Por algum motivo, a criança relutava em vir ao
mundo e apesar do frio que fazia o suor escorria nas faces daquelas quatro
pessoas. Duas negras, trazidas da cidade vizinha para realizar aquele parto,
empurravam e massageavam a barriga de Anne em movimentos síncronos, devidamente
treinados pelos anos de experiência, enquanto a senhora de cabelos negros e
longos agarrava-se com força à beira da cama e se contorcia inteiramente de
dor.
De repente, uma primeira rajada de vento fez tremer
toda a casa e, assustadoramente, uma outra estilhaçou a vidraça da janela da
cozinha. O vento frio e cortante irrompeu os cômodos da casa e chegou ao quarto
em segundos, fazendo com que Júlio corresse para fechar a porta. Juntamente com
o ranger da chave ao dar sua primeira volta na fechadura ouviu-se o choro da
criança.
— É um menino, senhor. — disse a parteira mais
velha, chamada pelo nome de Maria.
— Graças a Deus! — sussurraram os pais do pequeno
garoto.
— Deixe-me pegar meu filho.
— Só um minuto, senhor. Precisamos limpá-lo
primeiro.
Júlio
Salazar era um homem alto e forte, de cabelos ruivos já meio grisalhos, uma
barba imensa que lhe cobria boa parte do rosto e apoiava-se sempre a uma
bengala de madeira por conta de um antigo ferimento de guerra. Era conhecido
por sua serenidade e paciência inesgotável, típica dos agricultores imigrantes
vindos dos países do sul. Conhecera Anne em Santa Brígida há pouco mais de um
ano e se casaram ao descobrirem da gravidez inesperada. Ela era filha de comerciantes,
mas se tornara órfã ainda quando criança ao ver seus pais morrendo na mesma
guerra em que Júlio lutara.
— Por céus! Nossas preces foram atendidas, Anne.
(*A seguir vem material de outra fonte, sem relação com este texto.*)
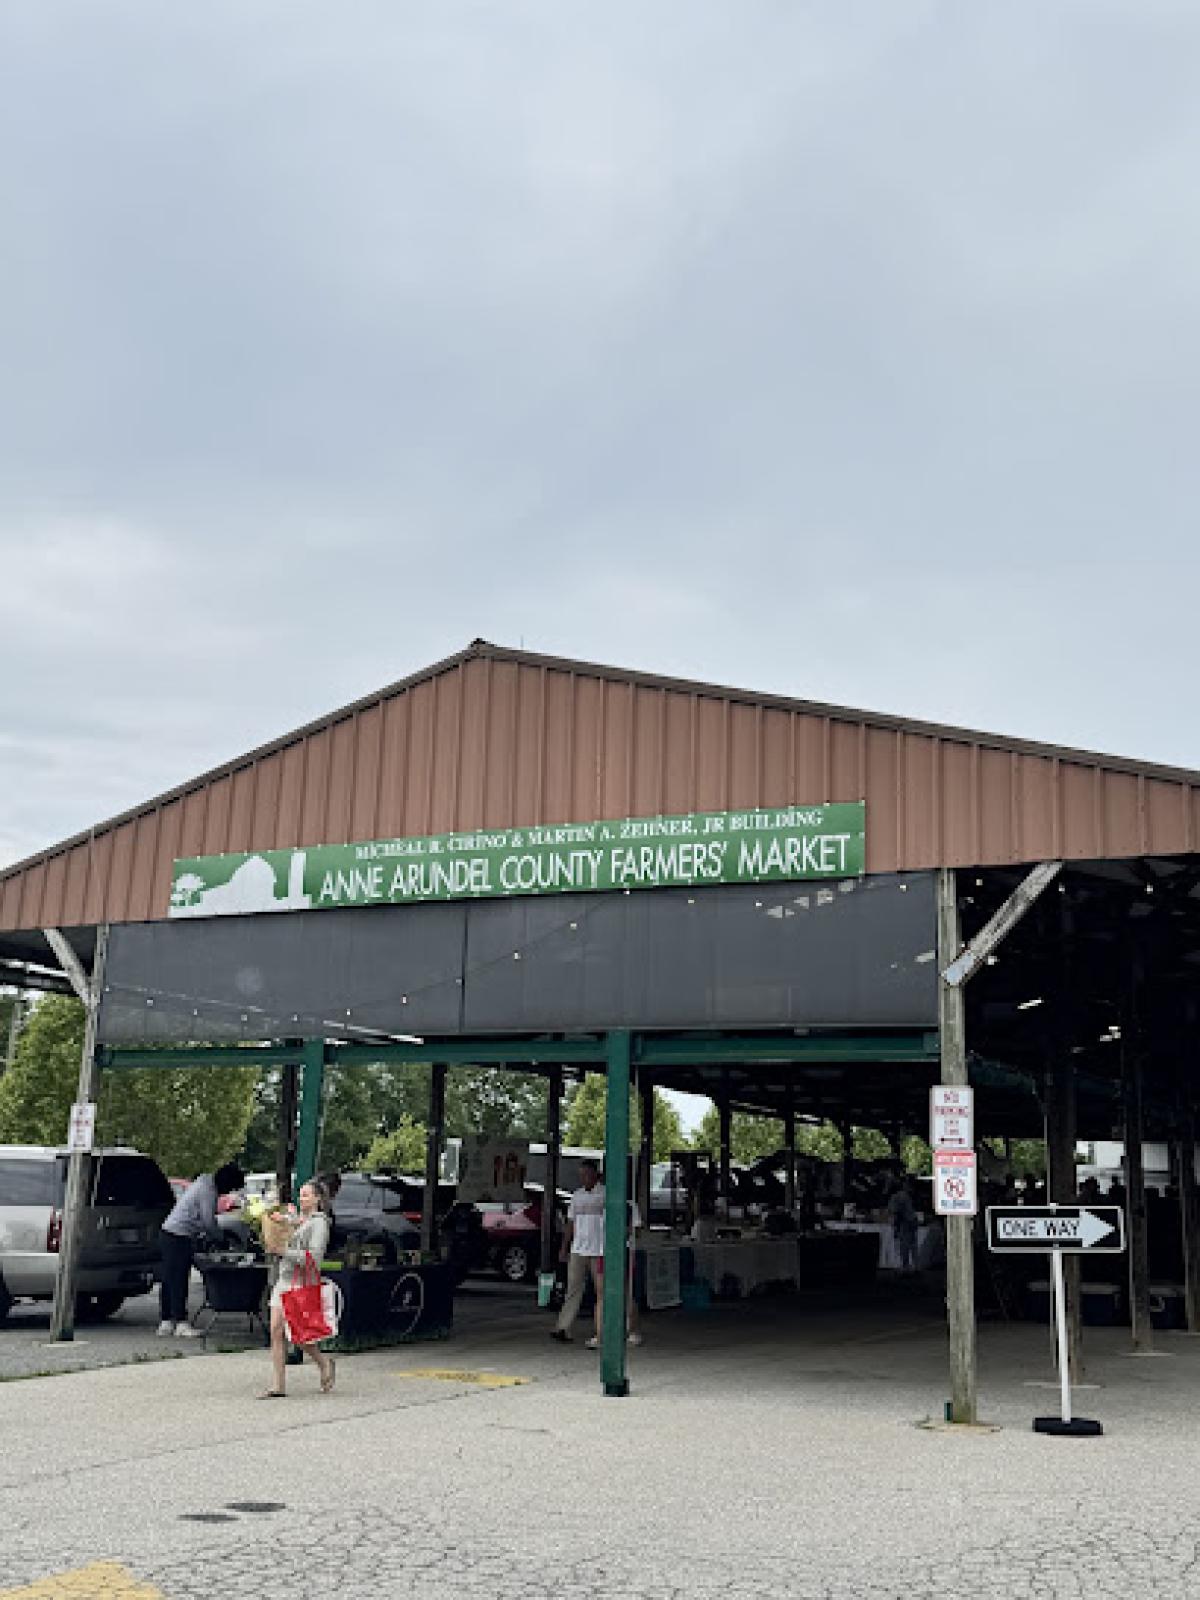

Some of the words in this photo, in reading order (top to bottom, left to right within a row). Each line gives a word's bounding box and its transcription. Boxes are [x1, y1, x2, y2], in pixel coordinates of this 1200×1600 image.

Um menino, como havíamos pedido.
A mulher olhou para o marido com uma reconhecível
expressão de dever cumprido, mas nada respondeu. Estava sem forças.
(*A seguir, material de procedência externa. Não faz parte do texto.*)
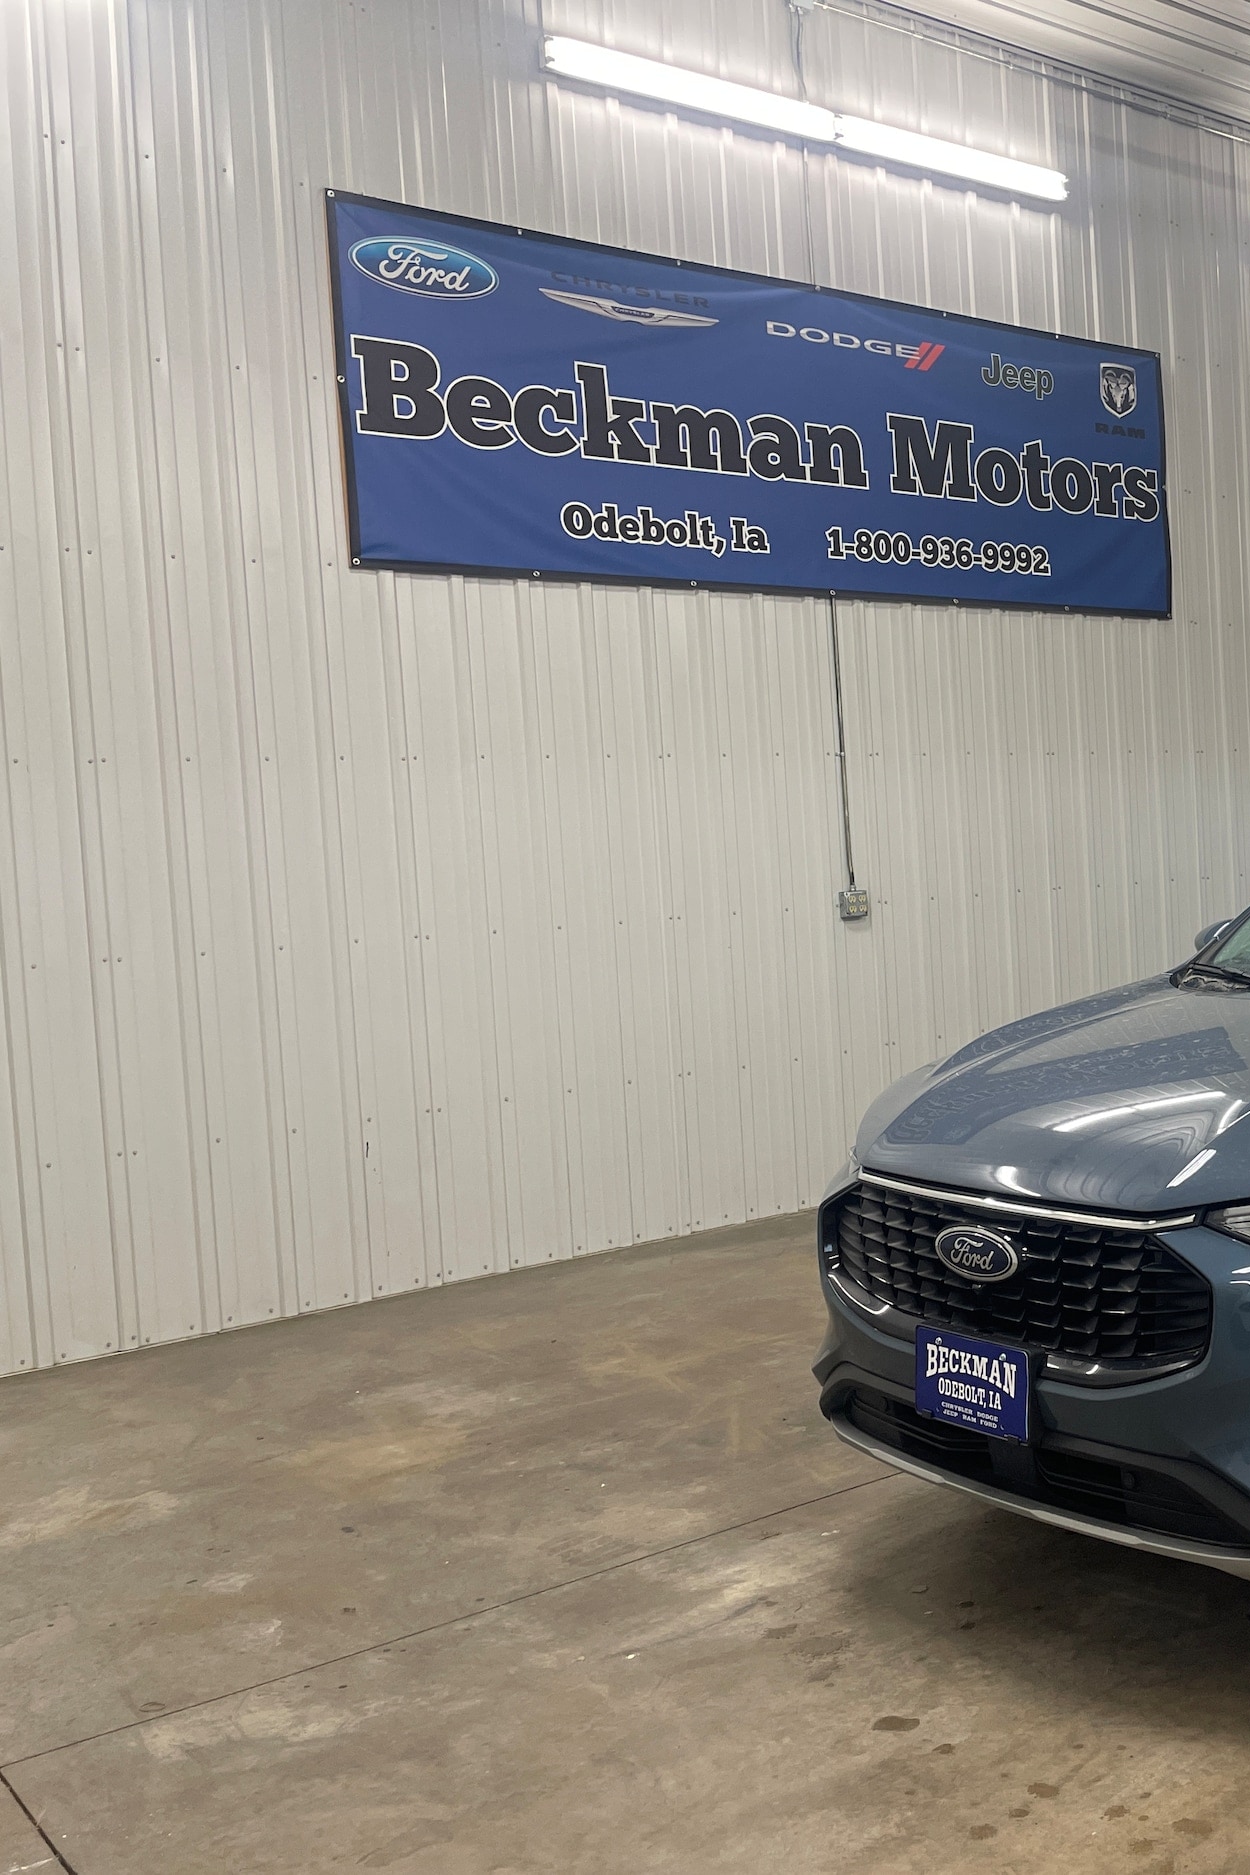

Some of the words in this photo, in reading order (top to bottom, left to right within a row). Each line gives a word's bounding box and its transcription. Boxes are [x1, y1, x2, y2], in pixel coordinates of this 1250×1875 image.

[378, 244, 470, 292] Ford
[550, 270, 710, 308] CHRYSLER
[766, 320, 920, 358] DODGE
[981, 353, 1053, 400] Jeep
[350, 333, 869, 490] Beckman
[886, 412, 1160, 522] Motors
[1094, 422, 1146, 439] RAM
[560, 500, 726, 558] Odebolt,
[730, 517, 770, 554] Ia
[825, 526, 1052, 576] 1-800-936-9992
[951, 1236, 994, 1271] Ford
[925, 1343, 1017, 1399] BECKMAN
[938, 1377, 986, 1408] ODEBOLT,
[989, 1391, 1002, 1410] IA
[941, 1401, 973, 1415] CHRYSLER
[977, 1411, 999, 1422] DODGE
[943, 1408, 959, 1417] JEEP
[962, 1414, 977, 1423] RAM
[980, 1418, 997, 1429] FORD
Ao terminar de limpar o pequeno menino, Maria o
levou primeiro aos braços da mãe, como era de costume naquela região. Anne
agasalhou o bebê em seu colo e lhe deu a benção de boas vindas e chamou seu
marido para pegar a criança e dar-lhe o nome, pois no país de Tereus era sempre
o pai que nomeava seus filhos. Júlio se levantou da cadeira onde estivera
sentado durante boa parte da noite e se aproximava quanto Anne soltou um grito
apavorante e lançou a criança longe, que só não caiu no chão porque uma das
parteiras o agarrou.
— Demônio, matem-no! Essa criança está possuída. —
gritava Anne enfurecida e amedrontada.
A parteira que agarrou a criança também ficou repentinamente
aterrorizada e aos gritos jogou o bebê no colo do pai, que estava completamente
confuso. Foi nesse momento que Júlio entendeu o motivo de todo aquele terror. O
garoto tinha olhos cujas córneas eram vermelhas vibrantes, como chamas
incendiando seu interior. Algo nunca visto antes por ele ou qualquer outra
pessoa deste mundo. Por um momento o homem também se assustou com aqueles olhos
tão vermelhos e intensos, mas a criança se acalmou em seus braços como se
tivesse ali encontrado alguém de extrema confiança e Júlio olhou para sua
esposa deitada na cama e para as parteiras amedrontadas no quanto do quarto e
serenamente proclamou em alto e bom som:
— A esta criança, gerada de meu sangue e herdeira
de minha linhagem, dou o nome de Edgar
Salazar.
Anne ficou descontrolada e, mesmo sem forças,
tentava se lançar da cama em direção ao marido.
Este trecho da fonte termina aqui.